I got “about as likely” from you directly comparing the two situations. If the only purpose of you making that particular comparison was to highlight that “conceivable” is a very broad phrase, well, yes, it is. That’s why I used it. You seemed to be dismissing the possibility that there could be any possible benefit at all from having that instruction in there. Now, we agree that not only is it possible that there’s a useful reason for having such an instruction, we have established that it happening is “more likely than drawing a straight flush in poker.” That’s a pretty good basement. Would you care to refine the possibility up any higher than that?

Also, given that you agree that there’s a possibility (of some currently undefined likelihood) that someone could be helped by that pamphlet, what is meant to be demonstrated by the existence of that pamphlet? At this point, it appears to be, “Liberals are more likely to overestimate the effectiveness of explanatory pamphlets.”

Were you trying to establish something as fact via this post? If so, what? It sounds like you and Vox have an opinion on the matter. I have a different opinion.

Post snipped.

First, racism is bad. Actions that are based on racism are bad.

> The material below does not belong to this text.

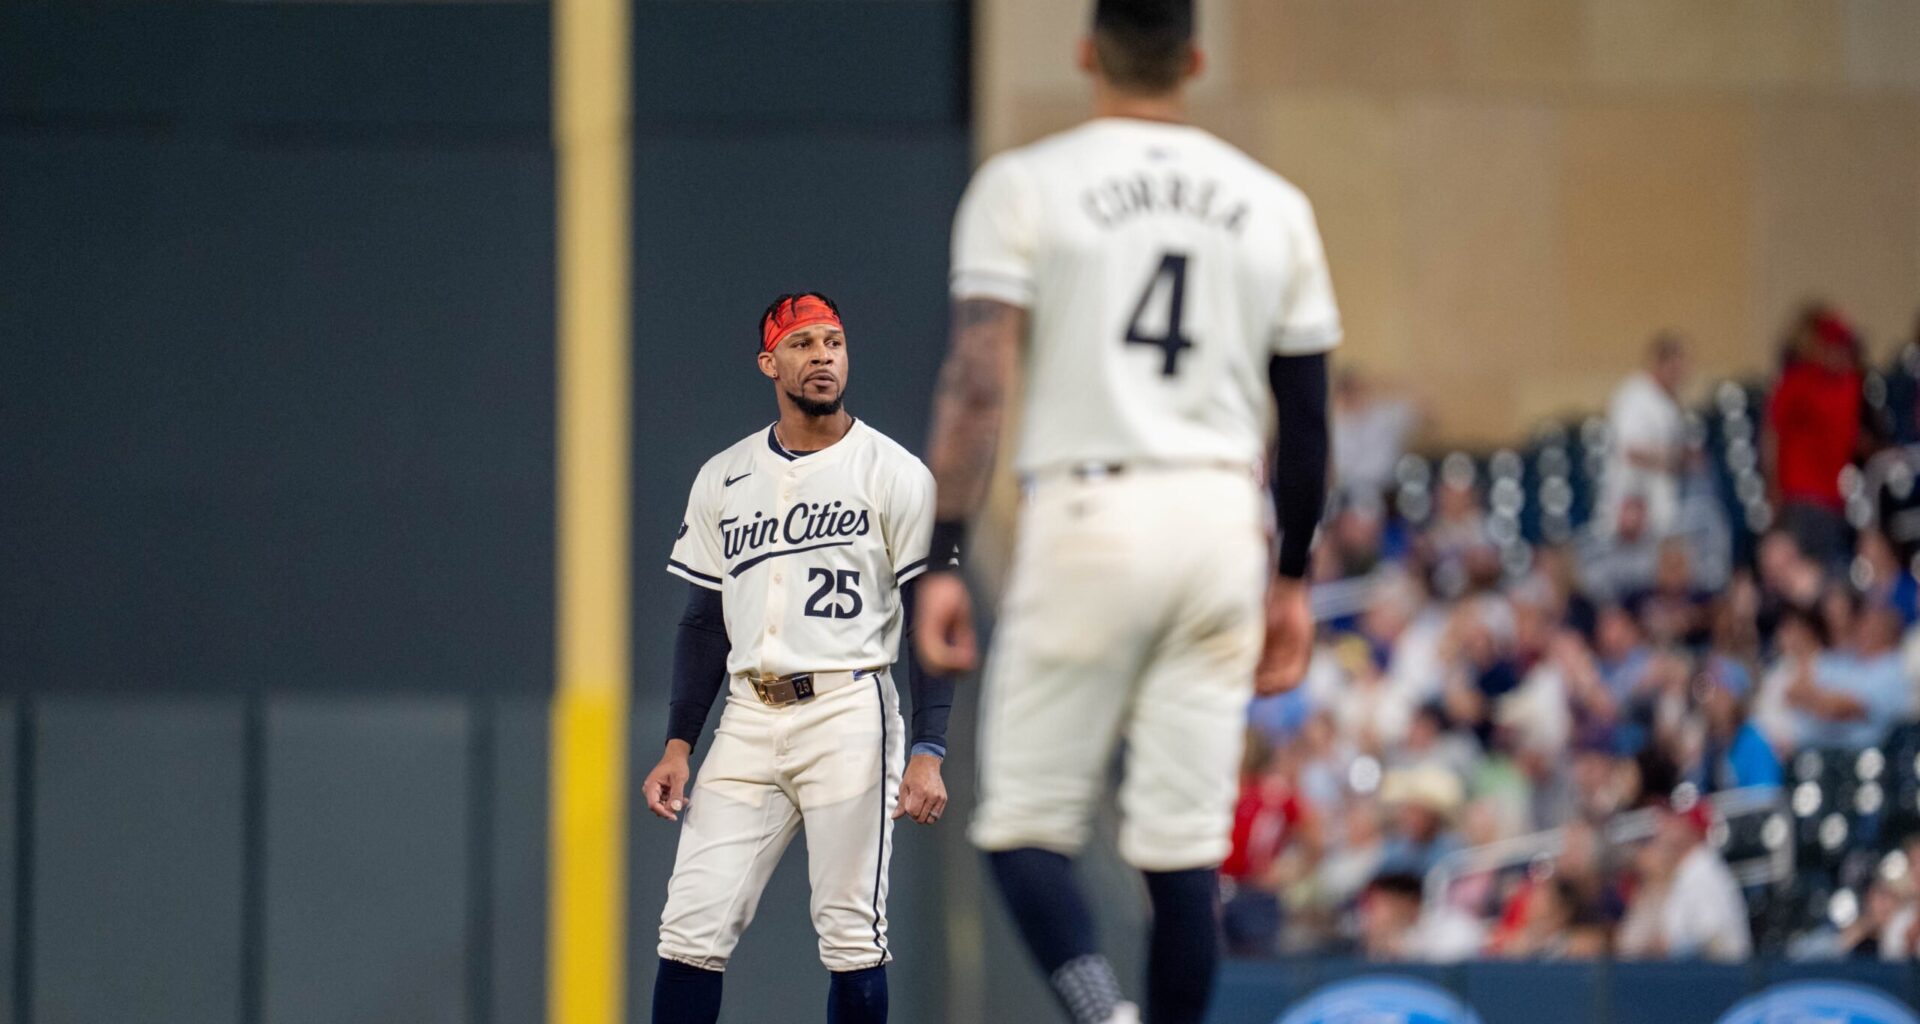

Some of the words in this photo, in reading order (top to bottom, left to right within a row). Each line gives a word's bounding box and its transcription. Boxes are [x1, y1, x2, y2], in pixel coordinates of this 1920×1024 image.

The problem is the bolded piece. If person A doesn’t make eye contact with person B, it could be racism. Or it could be shyness. Or it could be that person A was checking out person Cs ass. How do you suss out which is true?

With the microagression example Bricker gave, the other possible explanations are discounted immediately. It is racist by default. The guidance tells people to read other peoples minds and make harsh judgments about the people for behaviors that are not clear indicators of racism.

Do you see how that is problematic and actually makes things worse?